The Australian Energy Regulator (AER) has let down Australian consumers by forcing power companies to make massive cuts to electricity maintenance and network upgrades. $1 billion per year has been cut from maintenance since 2012 and because the AER lets energy retailers make mega profits, consumers are still paying the same amount for electricity.
Unless this shortfall is fixed, electricity assets will likely fail into the future – leading to more network downtime, outages, bushfires and longer periods to recover after severe weather events.
Despite ripping out $1 billion a year from maintenance, the number of corporate managers employed at power companies has grown by a staggering 36% but the number of actual electrical workers who service the infrastructure has gone down by 1.4%.
Immediate changes need to be made to fix how the AER works and ensure proper maintenance is being carried out on all our electricity assets.
Properly funded electrical maintenance benefits everyone – consumers, families, communities, the power companies and electrical workers.
The time it takes to rebuild after natural weather events such as storms and cyclones is longer than ever before – because unmaintained poles and wires are destroyed easily and need to be replaced completely.
For example, in recent storms in South Australia and Melbourne, some communities were left without power for more than a week. Fixing the AER will mean households (and businesses) won’t be put out for days and weeks on end during severe weather events.
Ageing poles and power lines are a serious fire risk. Faulty power lines caused 5 of the deadly Black Saturday bushfires which led to 173 deaths. By fixing how the AER works, preventative maintenance can be scheduled before problems develop and fire risks increase.

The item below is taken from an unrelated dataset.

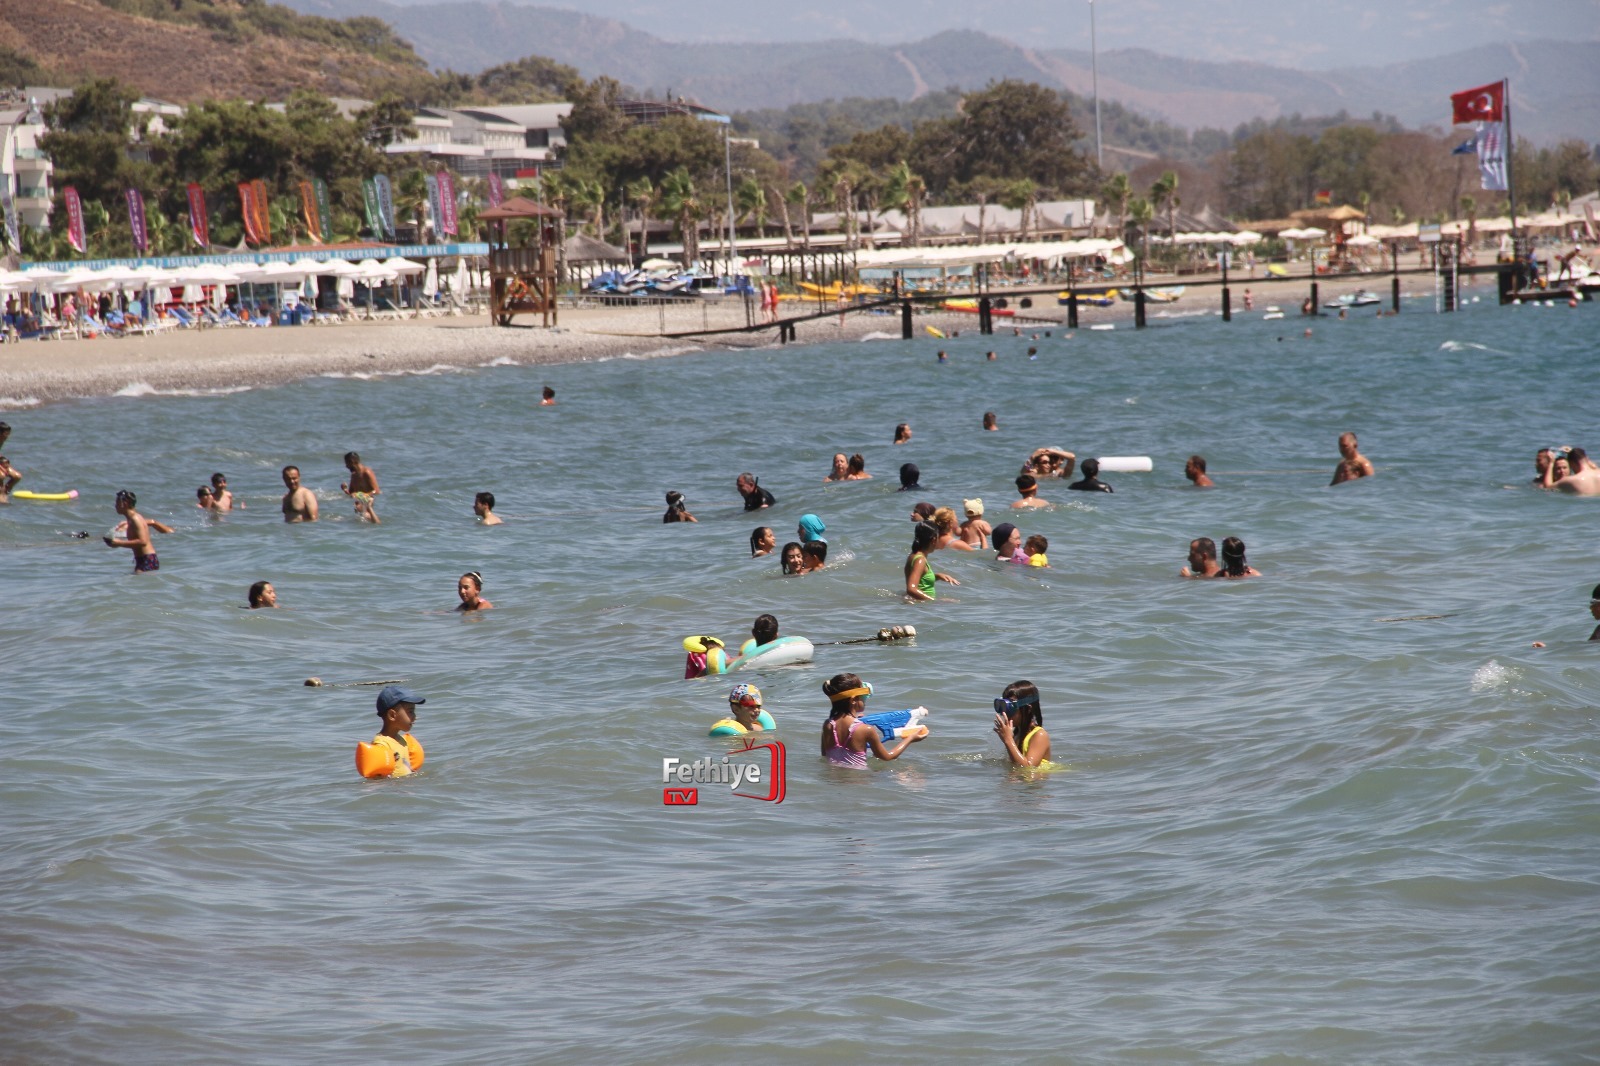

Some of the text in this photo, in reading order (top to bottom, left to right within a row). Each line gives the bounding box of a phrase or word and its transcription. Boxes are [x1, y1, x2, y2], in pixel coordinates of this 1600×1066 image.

An ageing network also puts workers safety at risk because electrical workers are asked to perform their duties on unsafe and failing devices. This increases the risk of something going wrong which could lead to serious injury or death.

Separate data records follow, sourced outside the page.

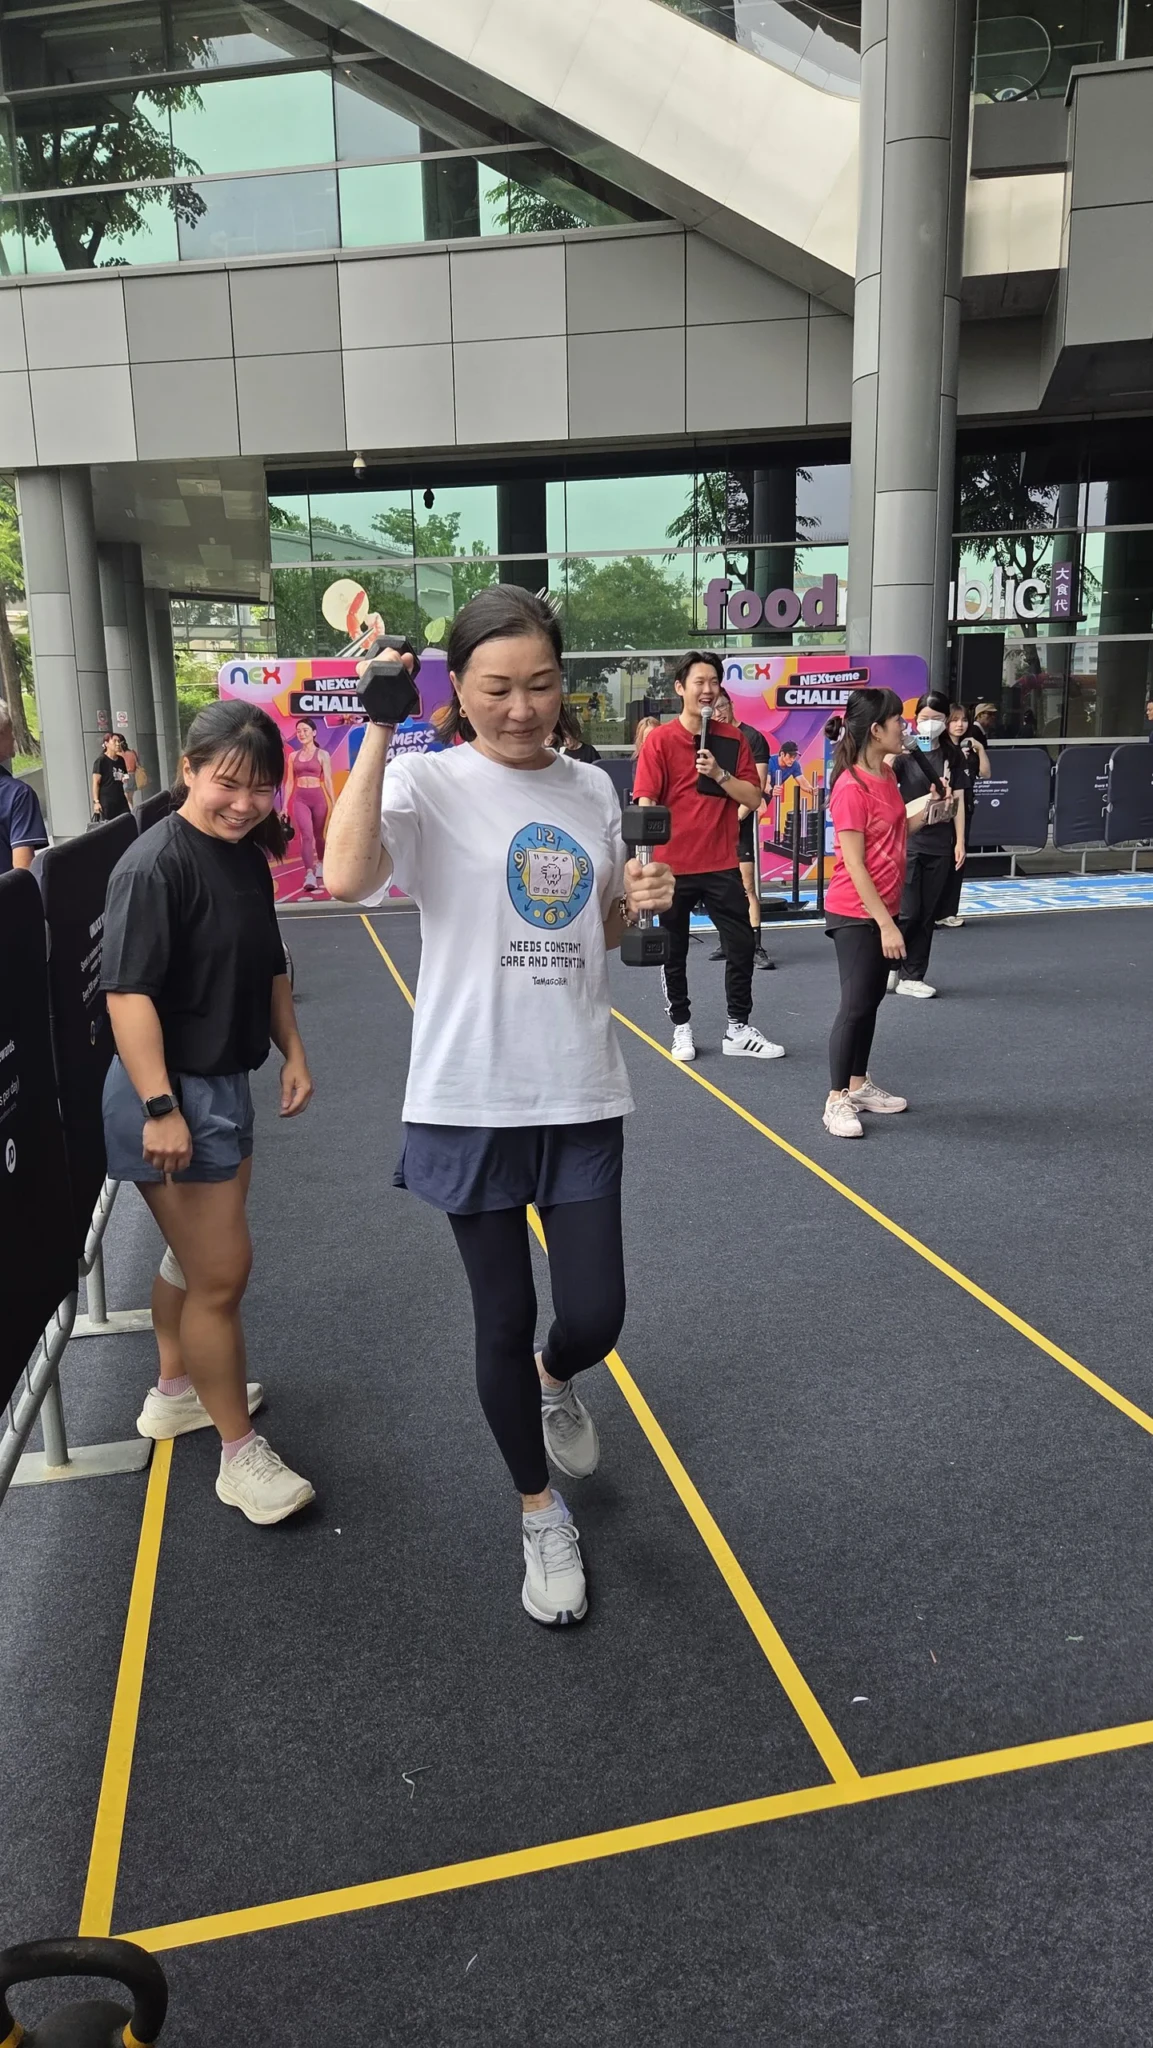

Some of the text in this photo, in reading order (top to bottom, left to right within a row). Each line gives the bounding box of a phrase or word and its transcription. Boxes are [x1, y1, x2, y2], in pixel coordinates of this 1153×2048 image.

[1054, 567, 1070, 612] 大食代
[703, 573, 838, 629] food
[800, 671, 860, 686] NEXtreme
[299, 694, 367, 712] CHALL
[784, 689, 855, 705] CHALLE
[389, 729, 435, 747] MER'S
[537, 826, 556, 844] 12
[513, 850, 589, 875] 9 3
[543, 906, 558, 925] 6
[510, 940, 581, 954] NEEDS CONSTANT
[500, 955, 585, 969] CARE AND ATTENTION

The number of managers and sales / marketing professionals working in transmission and distribution companies went up by 36% from 2006 – 2016.
The number of actual electrical workers in the same time shrunk by 1.4%. This fact shows why the system needs to be fixed. Instead of investing in corporate jobs, power companies should be employing more electrical workers to do the much needed maintenance.
By investing in preventative maintenance and network upgrades, our electricity assets can be better prepared for the consequences of climate change including more frequent and severe weather events and making sure renewable energy systems can connect to the grid and export their power.